I got in my car. While he drove off, I put a new contact lens in my right eye. You know, typical post-ride routine. Time to hit the road. It was bad conditions all the way back home. I saw multiple accidents on the side of the road, and one car in my lane was turned all the way around. I took both expensive tolls on the way home, which I never do, which speaks to how questionable the conditions were. I was starving, but I had to run errands. Got gas, got groceries, got hair ties, and most important of all, got 3 bottles of wine at the liquor store. I deserve this, I told myself. Running errands was hard – especially with my home so close. I scarfed down a yogurt and the rest of one of the Cliff Bars. This workout is not ever yet, I told myself. It was absolutely freezing out. I found myself lingering in one of the stores because of how bad it was out there. And I was still in all my riding gear. I had not even thought to bring an actual winter jacket with me.
Got home, and craving soup, I threw on a pot of water to boil, dumped pasta in it, and proceeded to shower. I finished toweling off and smelled the air – uh oh. Hastily scrambling downstairs, the water had boiled itself down and now the pasta (and my pot) was burnt. I salvaged what I could and looked for a can of soup. There was none. Not a single can. And now I recall my family eating my canned soup last time they were visiting. I was not about to go back to Acme again. I just ate the pasta with room temperature chicken broth. And I ate refrigerated leftover Chinese meats. Everything was cold, but I was hungry. I just ate. I didn’t want to wash any dishes, I didn’t want to wait for anything to heat up. But I did make myself some hot tea. And had a Chinese pastry.

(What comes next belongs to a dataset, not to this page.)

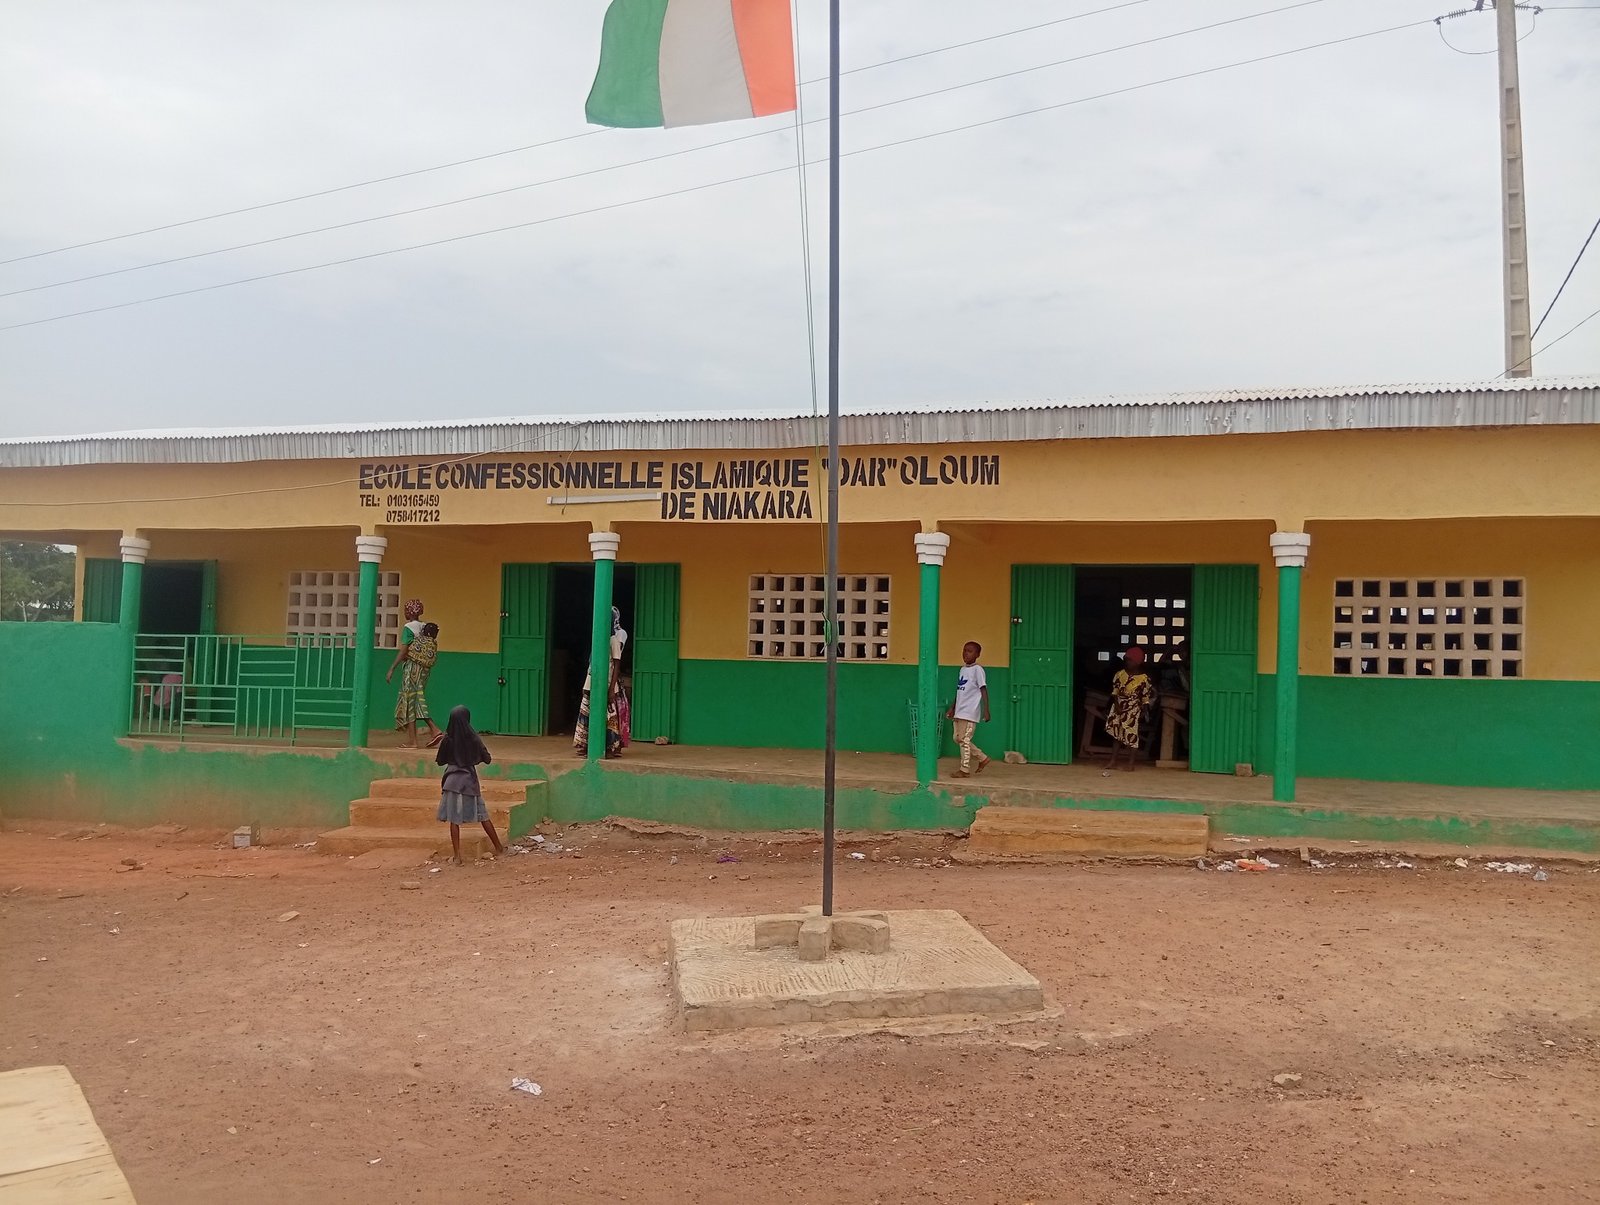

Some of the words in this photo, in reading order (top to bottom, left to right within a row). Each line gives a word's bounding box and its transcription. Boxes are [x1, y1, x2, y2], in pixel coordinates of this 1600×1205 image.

I looked at the time and I was shocked by how late it was. Literally an entire day passed me by. I reflected on my ride. It was alright, I told myself. All things considered. Probably ranks in the top 10 if not top 5 hardest rides I’ve ever done. It was alright. Fun, memorable, crazy experience. Hard, hilly, cold. I’ll still ride though. But first, I will make another cup of hot tea, send this ride report out, and bask in the first winter snow storm, and an entire day of rest and recovery tomorrow.